What you are asked to do:
Output all the records word for word. Drop the pictures.

Extracted data:
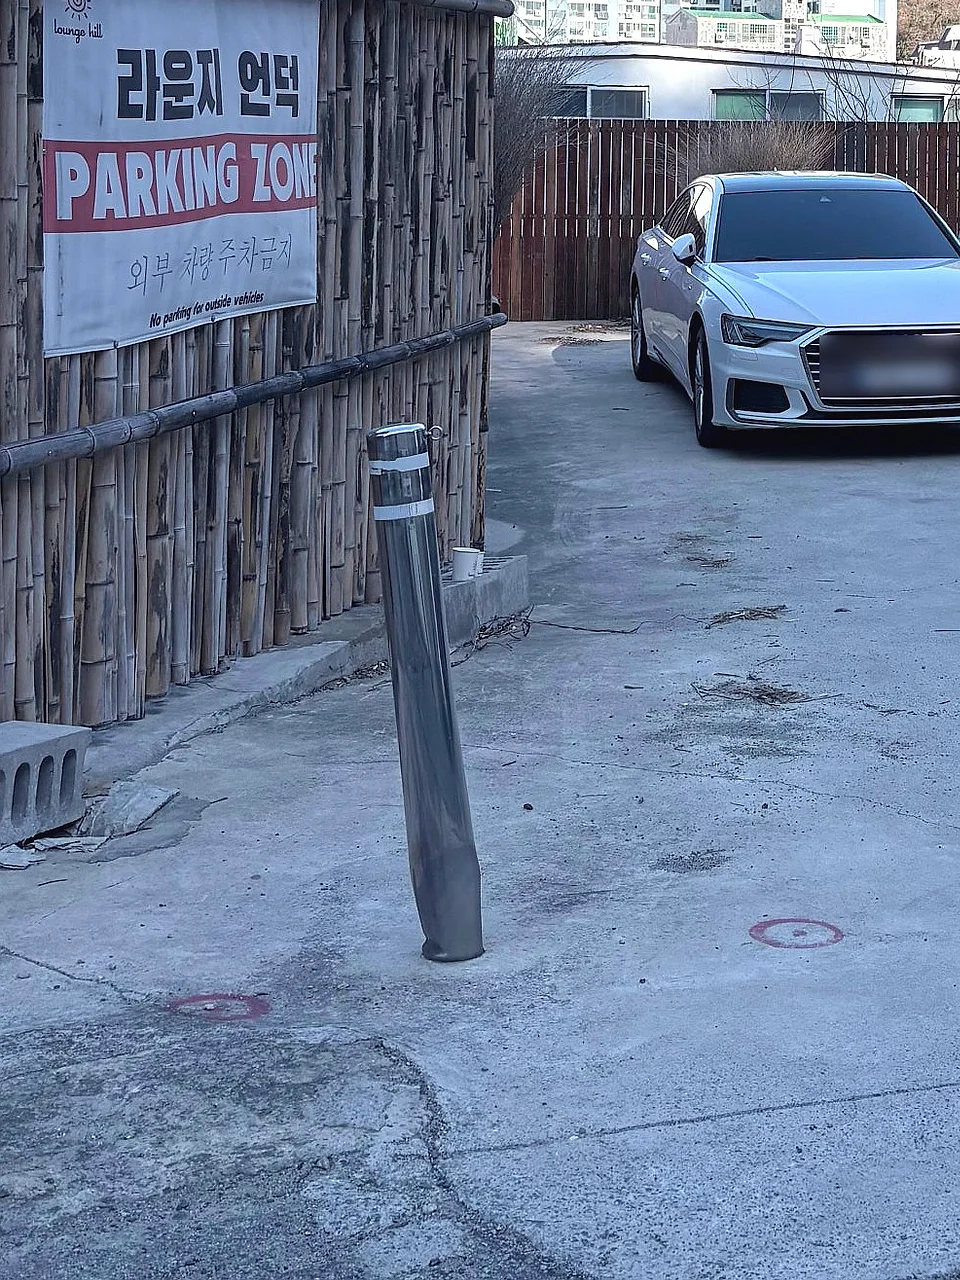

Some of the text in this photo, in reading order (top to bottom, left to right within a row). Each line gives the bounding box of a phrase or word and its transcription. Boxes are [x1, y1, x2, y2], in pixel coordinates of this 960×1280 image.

[53, 18, 103, 44] lounge hill
[117, 48, 299, 121] 라운지 언덕
[54, 141, 317, 220] PARKING ZONE
[127, 252, 173, 296] 외부
[150, 289, 265, 328] No parking for outside vehicles

Written solution:
Some of the text in this photo, in reading order (top to bottom, left to right within a row). Each line gives the bounding box of a phrase or word and its transcription. Boxes are [x1, y1, x2, y2], in pixel coordinates of this 960×1280 image.

[53, 18, 103, 44] lounge hill
[117, 48, 299, 121] 라운지 언덕
[54, 141, 317, 220] PARKING ZONE
[127, 252, 173, 296] 외부
[150, 289, 265, 328] No parking for outside vehicles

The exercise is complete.